One way to solve this problem is to invest in 5G technology and build a stronger infrastructure. But this takes time, money, and other resources. The other option is to make data compression algorithms that work better so that less bandwidth is needed to send data around the metaverse.

In addition to the technical risks, another thing to think about with the metaverse is how it might hurt your mental health. Because criminal law doesn’t apply to the ecosystem, people who are abused online have no way to stop it (such as racism).

Problems with Regulation

Because any network operator, firm, or business can choose to exist on paper outside of a proposed regulatory framework, a country’s efforts to regulate will have little effect.

This is shown by the fact that many of the social media sites we use today, like Twitter and Facebook, are not based in the United States but in places like Ireland and Singapore, where data protection laws are much less strict.

The same rules apply to the metaverse. Even if a country tried to regulate this space with laws, it’s unlikely that all businesses would agree to follow them.

So, unless every participant in the metaverse agrees on the vision of establishing a uniform code of governance, there is no way to stop a third-party entity, like an offshore investment firm, from creating its own unregulated pocket within the metaverse, which users of other digital ecosystems can then access without apparent limits.

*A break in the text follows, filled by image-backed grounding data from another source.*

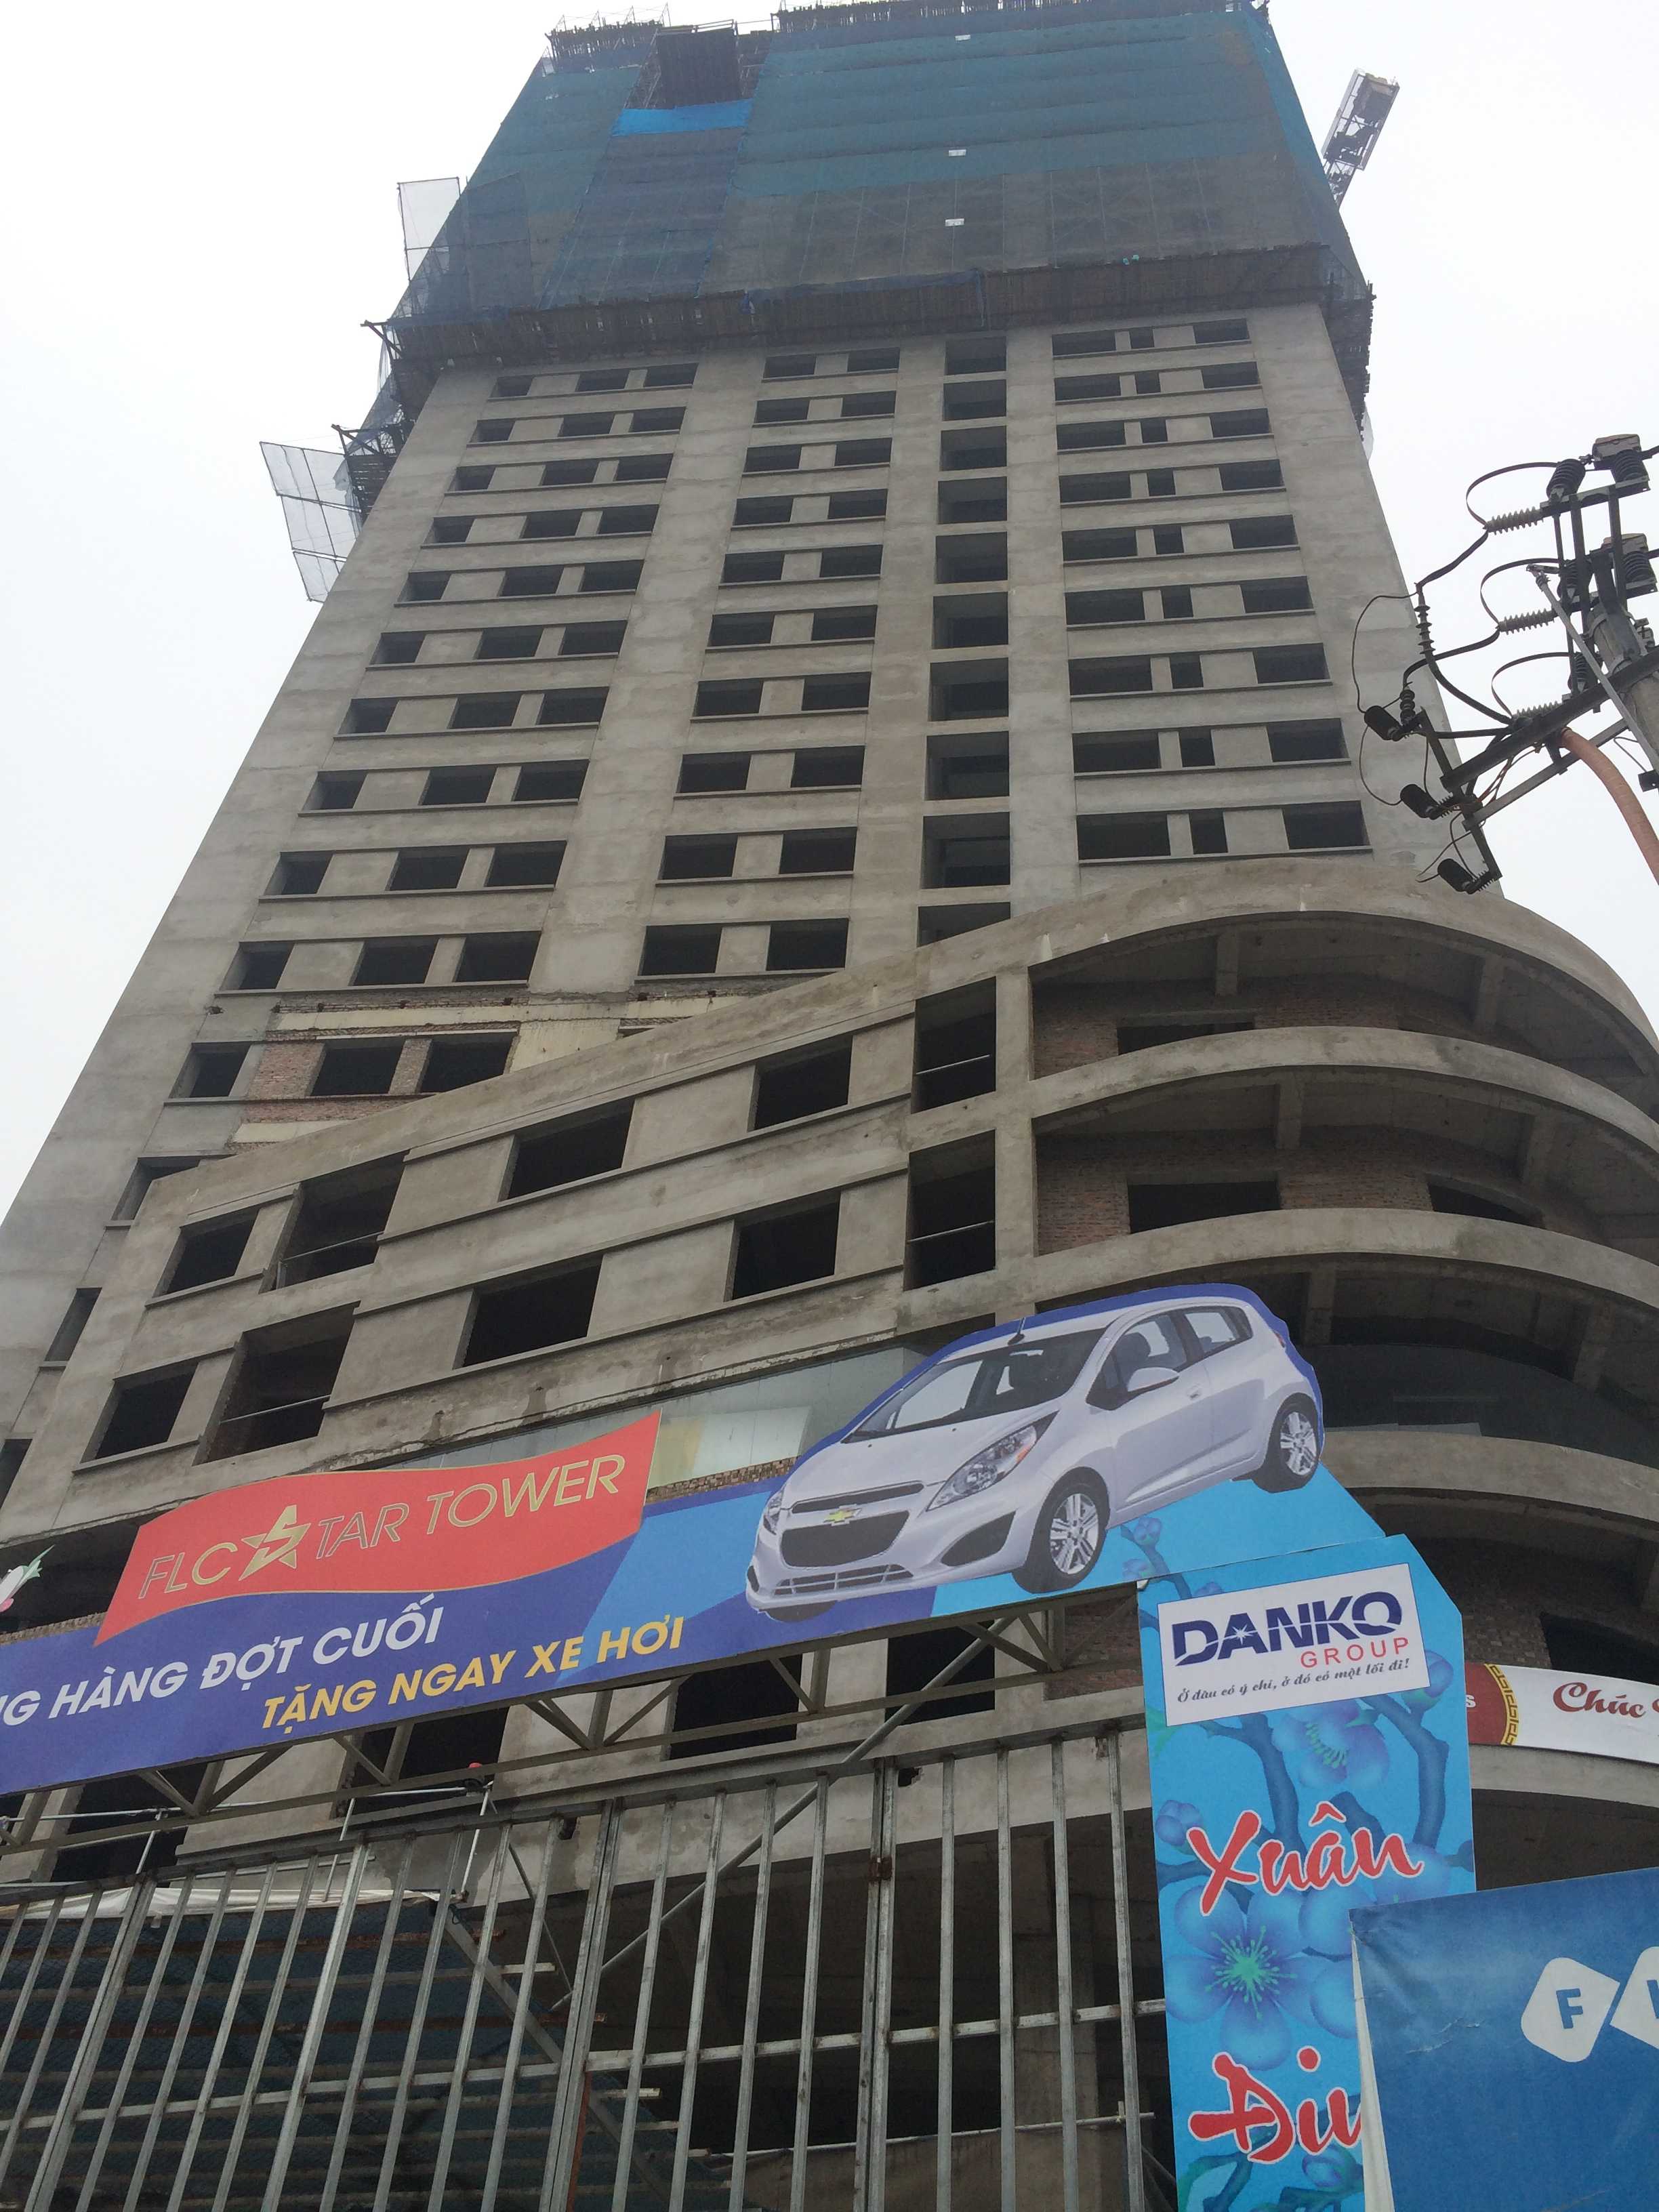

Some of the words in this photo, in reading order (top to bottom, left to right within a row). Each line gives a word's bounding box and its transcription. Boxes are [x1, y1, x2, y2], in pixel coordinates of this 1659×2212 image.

[138, 1542, 239, 1599] FLC
[426, 1454, 626, 1535] TOWER
[48, 1660, 189, 1719] HÀNG
[199, 1635, 304, 1692] ĐỢT
[312, 1593, 445, 1666] CUỐI
[262, 1679, 377, 1734] TẶNG
[387, 1649, 517, 1705] NGAY
[524, 1635, 585, 1679] XE
[596, 1612, 684, 1664] HƠI
[1171, 1591, 1402, 1667] DANKO
[1293, 1673, 1311, 1685] đó
[1315, 1670, 1330, 1682] có
[1334, 1666, 1361, 1680] một
[1366, 1662, 1385, 1675] lối
[1389, 1658, 1410, 1671] đi!
[1300, 1637, 1410, 1668] GROUP
[1553, 1681, 1647, 1719] Chúc
[1187, 1800, 1424, 1916] Xuân

Looking forward to a time when power isn’t centralized

The metaverse is about to change our lives, whether we like it or not. Lastly, the “move fast and break things” philosophy is still alive and well in technology development, and history shows that founders move much faster than regulators can keep up with. But regulators need to step up and take proactive steps to allow innovation to grow without causing retail investors to lose a lot of money. After all, the way we use technology in the future will depend on the choices we make today.

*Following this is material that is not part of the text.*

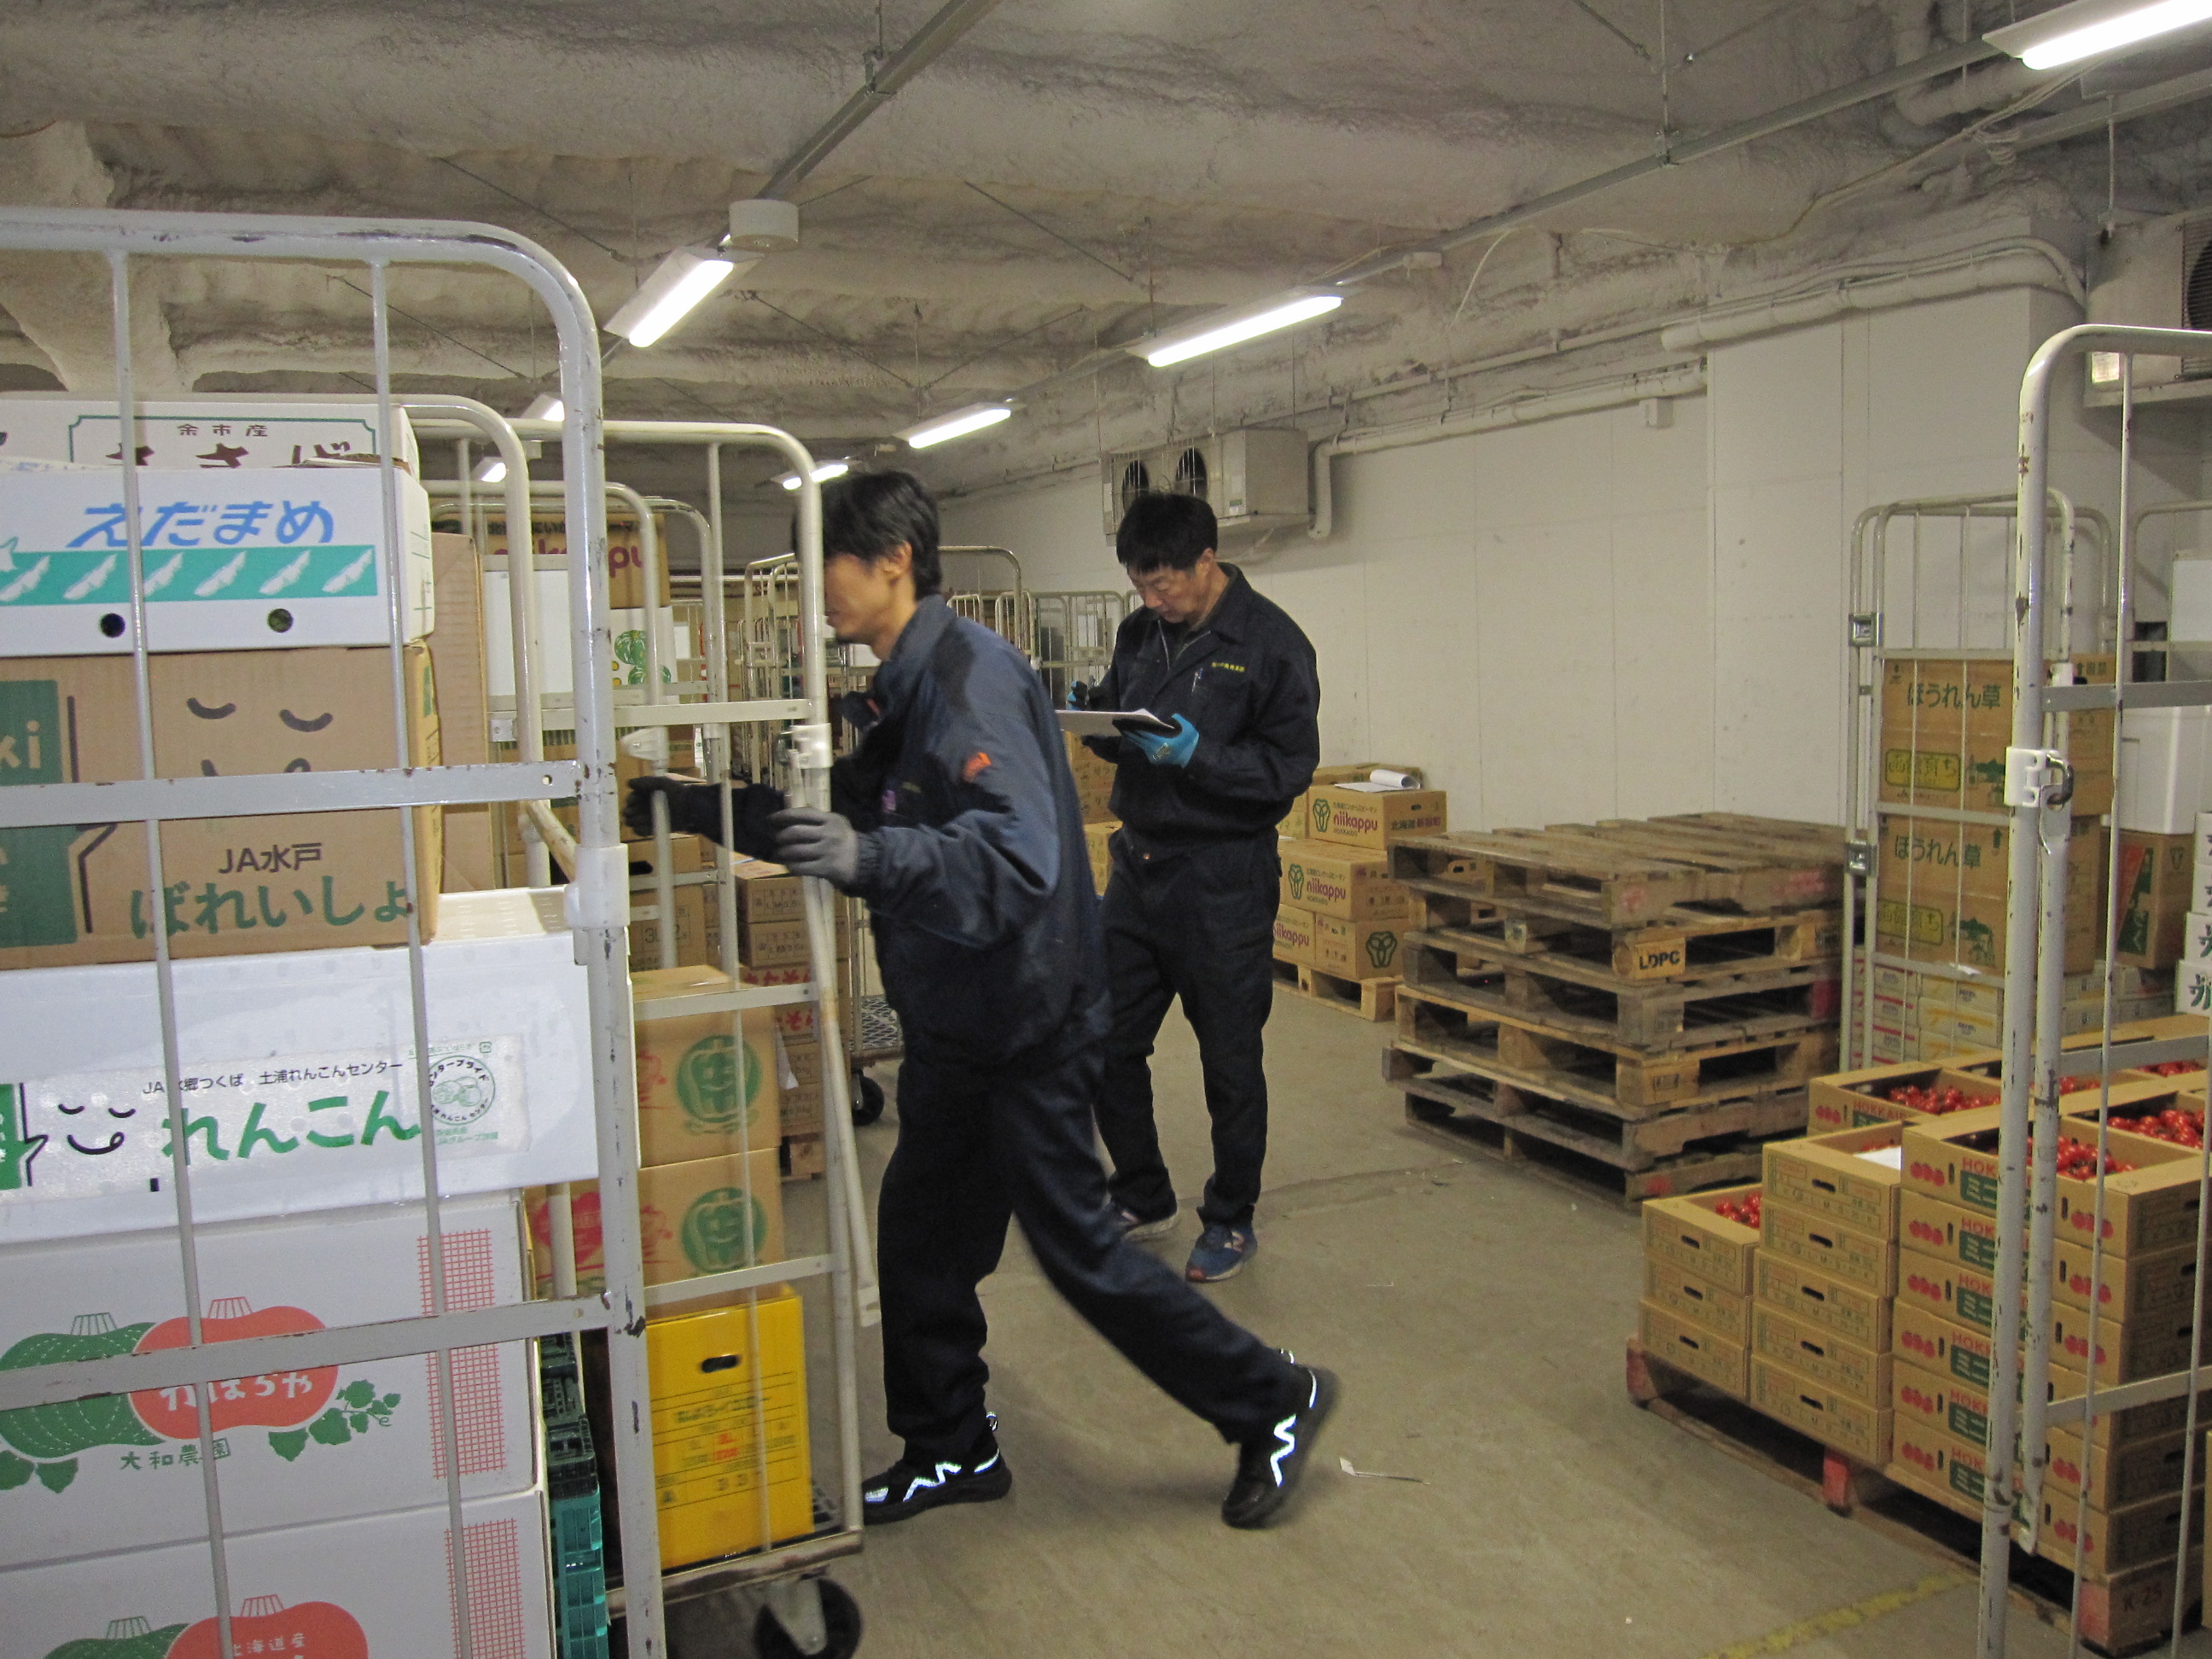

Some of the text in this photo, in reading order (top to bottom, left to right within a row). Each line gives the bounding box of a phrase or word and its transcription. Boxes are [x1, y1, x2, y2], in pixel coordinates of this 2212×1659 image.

Huy Nguyen is one of the people who started KardiaChain. This is Southeast Asia’s first blockchain infrastructure that can work with other blockchains. Since May 2022, he has been the vice president of the Vietnam Blockchain Association, which is the official government group working to get more people to use blockchain in Vietnam. He used to be a senior tech lead manager at Google. He has been building large-scale distributed infrastructures like the Google Access Wireless Platform and the Google Fiber Network Infrastructure for more than ten years.